62-year-old Norma Andrade remembers walking to school alone as a child. This stopped at the beginning of the 1990s, because more and more girls and young women disappeared in Ciudad Juárez – most of them between 13 and 18 years old. Andrade’s 17-year-old daughter Alejandra also disappeared. On February 14, 2001, she did not come home from work at the factory.

Alejandra’s body was found seven days later. She had been raped, choked and beaten to death. The DNA of three people was found in traces of blood and semen. But the investigation faltered. And when Alejandra’s job in the factory was occupied just one day after her disappearance, the mother was seized with pure desperation, says South America correspondent Thomas Milz in the new episode of “NZZ Akzent”. Along with other mothers, Norma Andrade founded the organization Nuestras Hijas, Our Daughters.

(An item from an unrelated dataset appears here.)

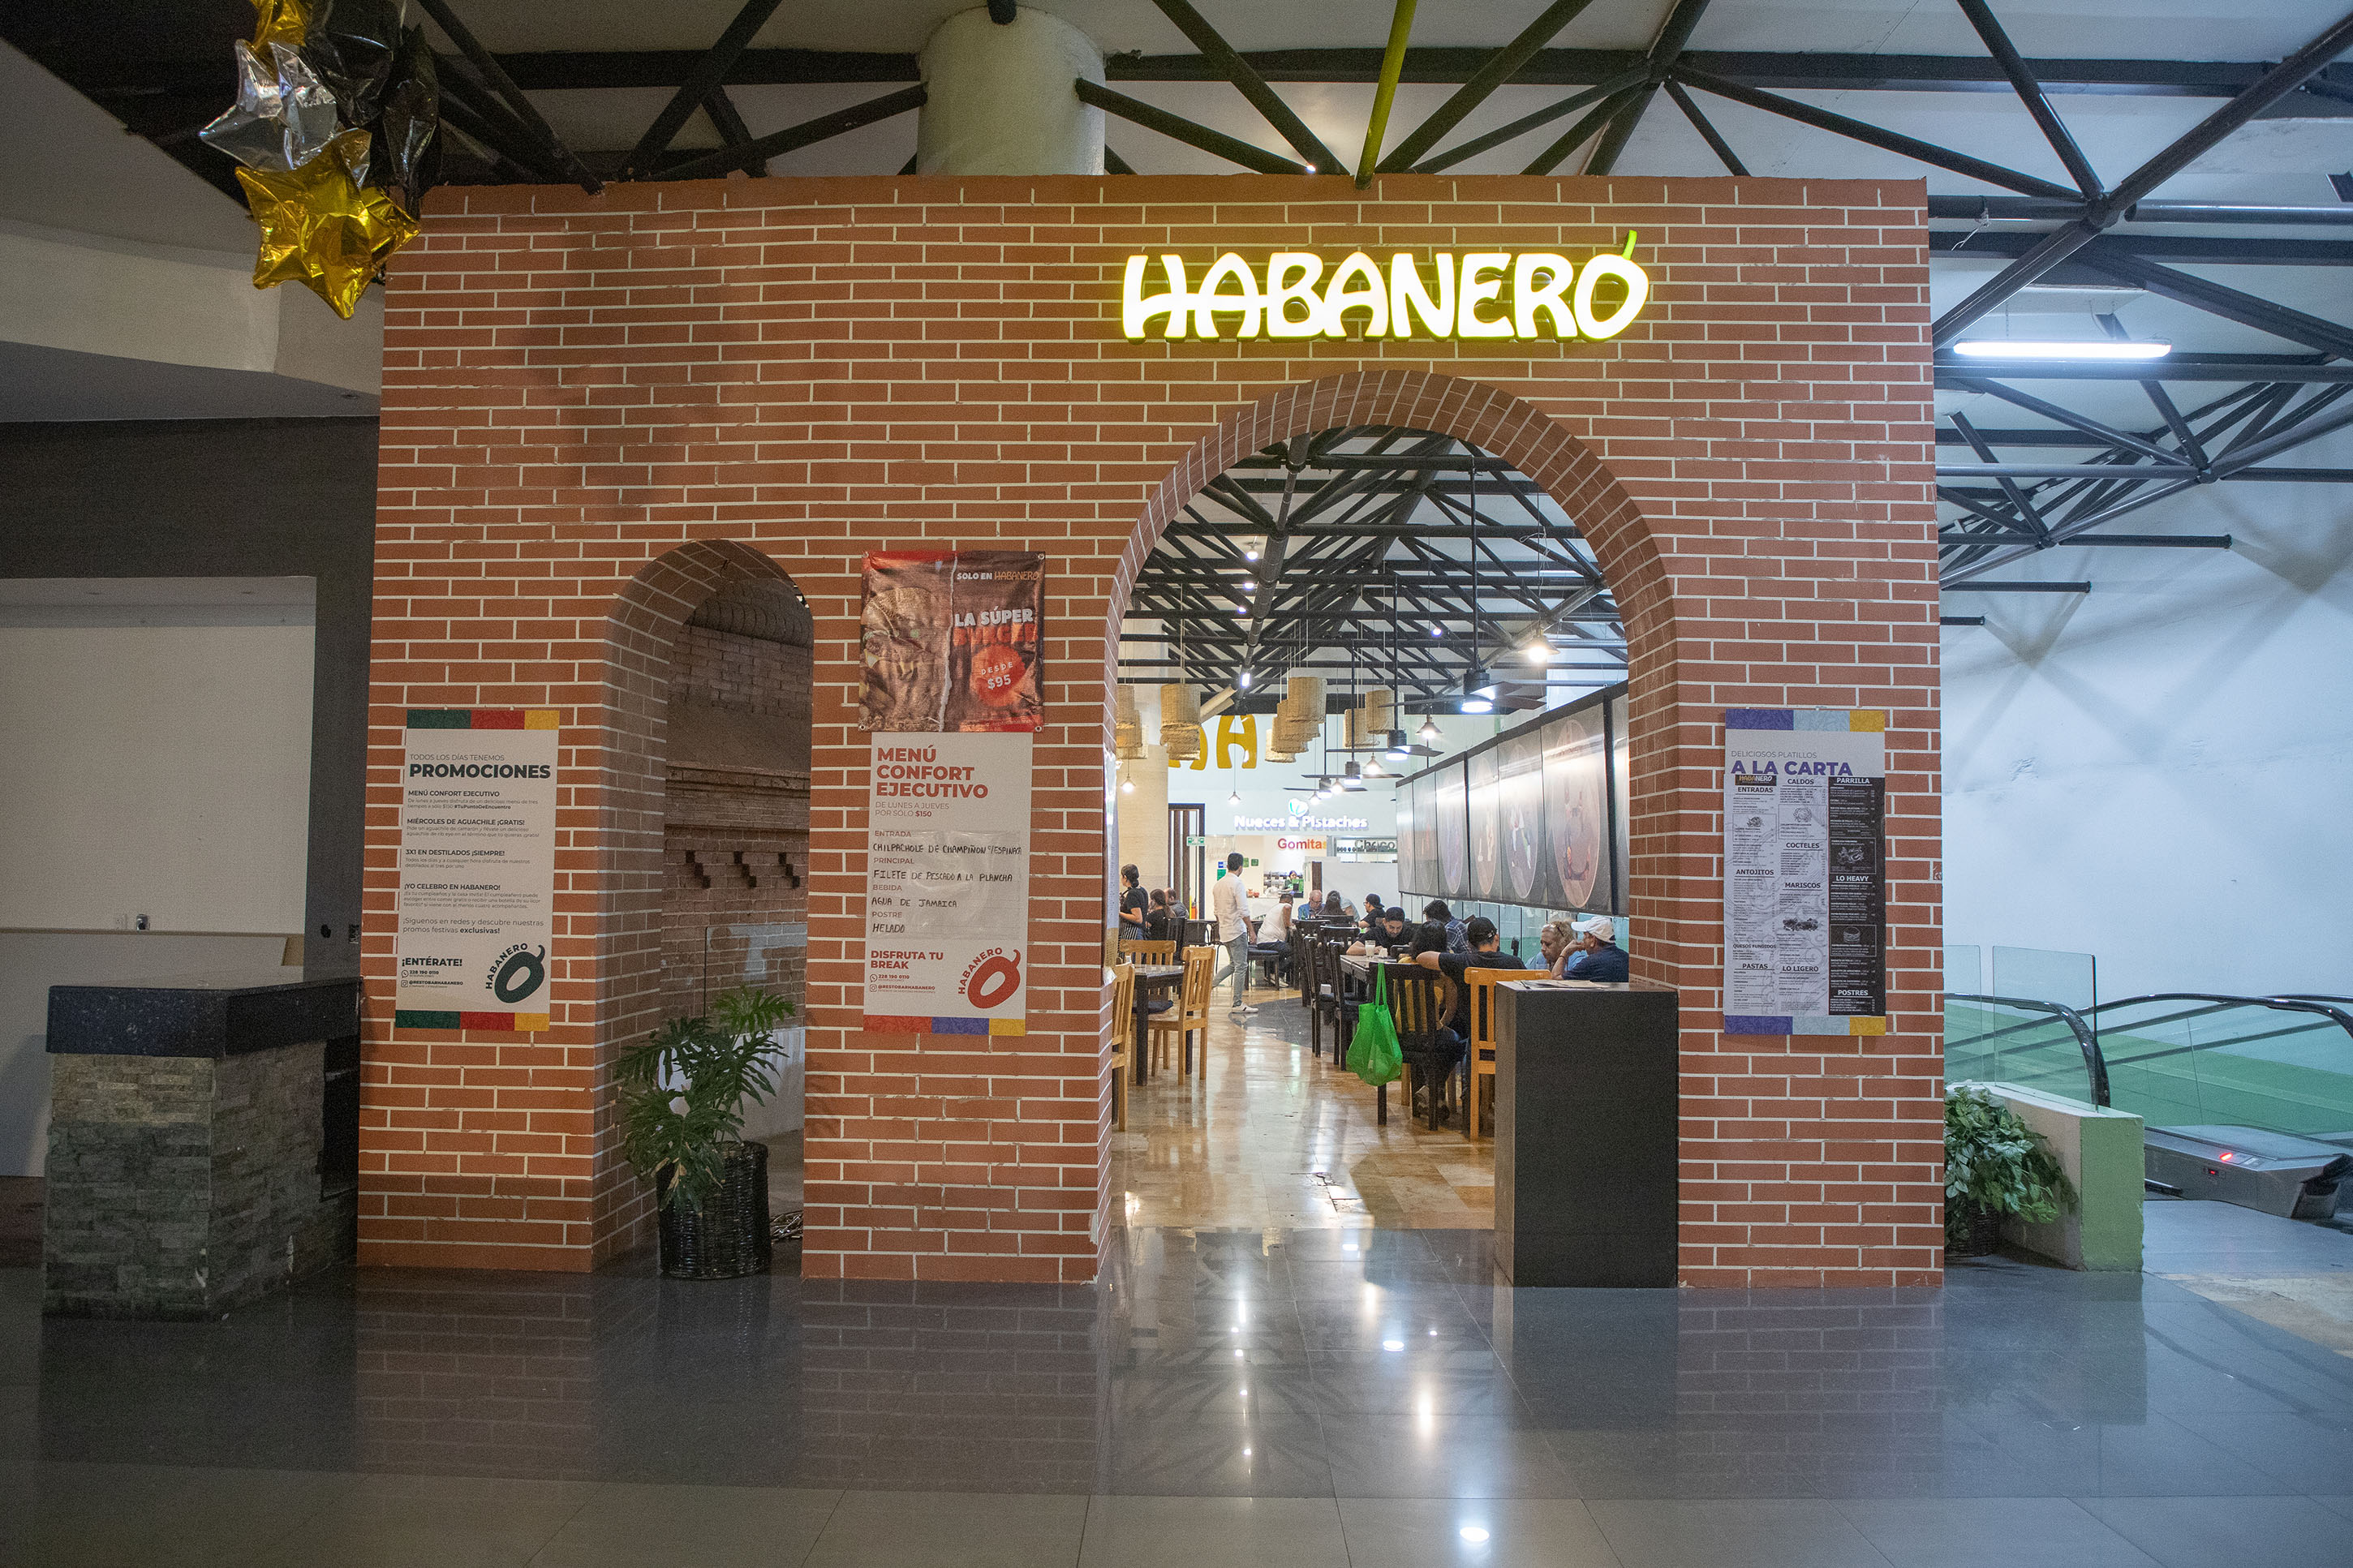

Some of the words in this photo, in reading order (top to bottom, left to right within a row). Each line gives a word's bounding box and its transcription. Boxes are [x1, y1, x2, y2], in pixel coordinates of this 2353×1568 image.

Norma Andrade told him how poor women on the border with Mexico were viewed as “disposable products,” says Milz. The inaction of the often corrupt authorities, the drug cartels, the opaque role of the security forces, the widespread machismo in Mexican society – all of this creates a climate in which women are not safe.

Violence against women has long gripped all of Mexico, says Milz in the podcast. On average, ten women are murdered every day, eight disappear, half under the age of 20. Norma Andrade’s fight against oblivion, against violence, against inaction seems like a fight against windmills.